In 2020, Keith Thomas dived into a pool and snapped his spine. The accident left him paralyzed from the chest down and unable to feel and move his arms and legs. Alone and isolated in a hospital room due to the pandemic, he jumped on a “first-of-its-kind” clinical trial that promised to restore some sense of feeling and muscle control using an innovative brain implant.
Researchers designed the implant to reconnect the brain, body, and spinal cord. An AI detects Thomas’ intent to move and activates his muscles with gentle electrical zaps. Sensors on his fingertips shuttle feelings back to his brain. Within a year, Thomas was able to lift and drink from a cup, wipe his face, and pet and feel the soft fur of his family’s dog, Bow.
The promising results led the team at Feinstein Institutes for Medical Research and the Donald and Barbara Zucker School of Medicine at Hofstra/Northwell wondering: If the implant can control muscles in one person, can that person also use it to control someone else’s muscles?

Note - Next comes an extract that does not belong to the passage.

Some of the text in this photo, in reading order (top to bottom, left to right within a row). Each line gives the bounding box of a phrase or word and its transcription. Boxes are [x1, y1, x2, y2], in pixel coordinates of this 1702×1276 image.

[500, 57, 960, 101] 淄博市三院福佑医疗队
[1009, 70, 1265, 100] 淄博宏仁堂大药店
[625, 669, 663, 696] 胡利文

A preprint now suggests such “interhuman” connections are possible. With thoughts alone, Thomas controlled the hand of an able-bodied volunteer using precise electrical zaps to her muscles.

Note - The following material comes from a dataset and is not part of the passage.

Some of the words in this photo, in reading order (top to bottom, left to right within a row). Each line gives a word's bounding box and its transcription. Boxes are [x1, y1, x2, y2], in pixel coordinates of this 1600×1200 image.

The multi-person neural bypass also helped Kathy Denapoli, a woman suffering from partial paralysis and struggling to move her hand. With the system, Thomas helped her successfully pour water with his brain signals. He even eventually felt the objects she touched in return.
It sounds like science fiction, but the system could boost collaborative rehabilitation, where groups of people with brain or spinal cord injuries work together. By showing rather than telling Denapoli how to move her hand, she’s nearly doubled her hand strength since starting the trial.
“Crucially, this approach not only restores aspects of sensorimotor function,” wrote the team. It “also fosters interpersonal connection, allowing individuals with paralysis to re-experience agency, touch, and collaborative action through another person.”
Smart BridgeWe move without a second thought: pouring a hot cup of coffee while half awake, grabbing a basketball versus a tennis ball, or balancing a cup of ice cream instead of a delicate snow cone.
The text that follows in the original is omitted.